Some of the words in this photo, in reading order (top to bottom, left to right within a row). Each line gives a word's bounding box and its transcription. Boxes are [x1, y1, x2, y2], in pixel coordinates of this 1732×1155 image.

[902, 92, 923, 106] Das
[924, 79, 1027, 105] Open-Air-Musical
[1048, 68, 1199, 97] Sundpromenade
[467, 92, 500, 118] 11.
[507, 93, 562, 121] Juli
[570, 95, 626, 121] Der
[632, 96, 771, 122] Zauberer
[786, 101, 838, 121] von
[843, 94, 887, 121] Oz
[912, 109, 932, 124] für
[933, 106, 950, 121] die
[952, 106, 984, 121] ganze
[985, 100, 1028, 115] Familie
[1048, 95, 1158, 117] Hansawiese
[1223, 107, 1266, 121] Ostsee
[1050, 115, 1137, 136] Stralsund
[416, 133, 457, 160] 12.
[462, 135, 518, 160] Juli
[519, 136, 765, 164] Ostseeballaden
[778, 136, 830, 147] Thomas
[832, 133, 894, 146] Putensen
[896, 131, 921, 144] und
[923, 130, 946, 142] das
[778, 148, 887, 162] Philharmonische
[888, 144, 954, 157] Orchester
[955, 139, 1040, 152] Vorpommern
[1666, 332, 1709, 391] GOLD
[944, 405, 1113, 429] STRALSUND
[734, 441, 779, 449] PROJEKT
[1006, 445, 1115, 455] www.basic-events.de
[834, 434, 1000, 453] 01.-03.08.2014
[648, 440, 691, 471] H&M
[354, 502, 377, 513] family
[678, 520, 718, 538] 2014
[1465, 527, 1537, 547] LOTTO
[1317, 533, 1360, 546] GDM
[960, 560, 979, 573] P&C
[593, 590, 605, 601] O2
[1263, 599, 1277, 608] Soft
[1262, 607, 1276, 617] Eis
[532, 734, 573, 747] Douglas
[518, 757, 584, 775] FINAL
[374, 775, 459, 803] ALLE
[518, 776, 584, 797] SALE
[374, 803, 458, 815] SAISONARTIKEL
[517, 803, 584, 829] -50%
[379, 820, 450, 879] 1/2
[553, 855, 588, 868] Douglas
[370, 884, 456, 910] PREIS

*Exercise goal*: Write out every line of the preceding listing that contains "Douglas".

*Answer area*:
[532, 734, 573, 747] Douglas
[553, 855, 588, 868] Douglas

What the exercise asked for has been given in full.